Peters: For us, the core essence, the unifying principle in research, was wave-particle duality. The mural is deliberately intended to rouse a passion for discovery and puzzle-solving. We didn’t want to pin an overly blatant message on the wall. That gets boring very quickly. People should always be able to discover something new in our picture, even when sitting for the tenth time in the auditorium. At the same time, our picture mustn’t distract from what’s going on in the auditorium. In that respect, I think we took it to the limit with the colour scheme.
When doing commissions, you often have to make compromises. How do you deal with that?
Zahlmann: Even in commissions, we can express our own style. We discover interesting places, and we are happy when our art moves people. Of course, we also accommodate the clients’ wishes, all worthy in their own right. The people who work here have to be able to relate. We do work much more uncompromisingly on free projects. But thankfully, we don’t have to submit.
Is it still important to you to do the painting yourselves?
Zahlmann: For the wall in the auditorium, we took our own brushes in hand. Basically it depends on the size of the project, of course. For very large projects, we have to coordinate and organize more concertedly. Then we distribute the jobs and let the specialists get to work. We are networked with many good artists who help out when needed.
Could you have put up such a motif in the auditorium of a research institute 20 years ago?
Peters: Certainly not. We have worked hard over the past 20 years to increase acceptance of graffiti and to show that it is not just a part of a subculture.

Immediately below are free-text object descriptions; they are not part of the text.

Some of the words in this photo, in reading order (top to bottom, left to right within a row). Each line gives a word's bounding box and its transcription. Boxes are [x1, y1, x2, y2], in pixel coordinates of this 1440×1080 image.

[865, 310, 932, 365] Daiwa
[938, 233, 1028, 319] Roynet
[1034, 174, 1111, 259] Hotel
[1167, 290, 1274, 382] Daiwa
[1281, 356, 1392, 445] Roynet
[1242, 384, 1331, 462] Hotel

At the same time, the art has to look authentic, and should not be disloyal its roots. Slowly, it’s paying off; urban art is now Zeitgeist.
Zahlmann: Plus, twenty years ago, we might not have been able to create this picture anyway, because we would have lacked the knowhow and experience. And no one from the HZB would have even thought of asking us for a design. Still, even back then, we found and created a place for our art. Graffiti has influenced many people of our generation; they themselves have sprayed around and have grown up with it. Now, these same people won’t hang an oil painting above their sofa, but something like a graffiti tag instead.
How important is contact with the subculture, though?
Peters: It is very important to us. We approach the scene and offer workshops for young artists, for example.
Zahlmann: Sometimes, though, we still just do classic graffiti – on some dirty wall somewhere, and of course unpaid. Last December, I painted a wall in Hamburg with a young, super-talented artist. That was great fun, and helps keep in contact with the young scene.
Peters: You see this philosophy everywhere in the scene. You can travel all over the world and run into graffiti artists who support you straight off. We have already had the wildest encounters. With the art comes a very strong solidarity that transcends all boundaries.
You have been an active graffiti artist for 25 years. Doesn’t it ever become boring?
Zahlmann: When I started 25 years ago, everyone in the scene was looking to New York, and so spraying similar pictures. But you don’t want to do that all your life. Now, we are discovering a great broadness, so there is always variety. Now it’s canvas work, now its sculpture, a mural project or writing a book. For us, art isn’t a hobby we do in our spare time. We do it all day long, have done for decades, and live from our art. Then you naturally come up with ideas that no one else has had – and that never gets boring.
Interviewed by Silvia Zerbe.
About the artists
Heiko Zahlmann
lives and works in Hamburg and has been a graffiti artist for over 20 years. In 1999, with two partners, he founded the studio community ‘getting-up’. Today, he designs gigantic murals in urban space, as well as sculptures and reliefs. His works are exhibited in renowned galleries.
Gerrit Peters
Gerrit Peters has lived and worked in Hamburg since 1997, and already began his career in the German graffiti scene in the late 80s. He quickly discovered the big cityscape and its many potentials as an inspiration for his urban art. He heads workshops on graffiti and urban art, and works as a lecturer and speaker at universities and museums.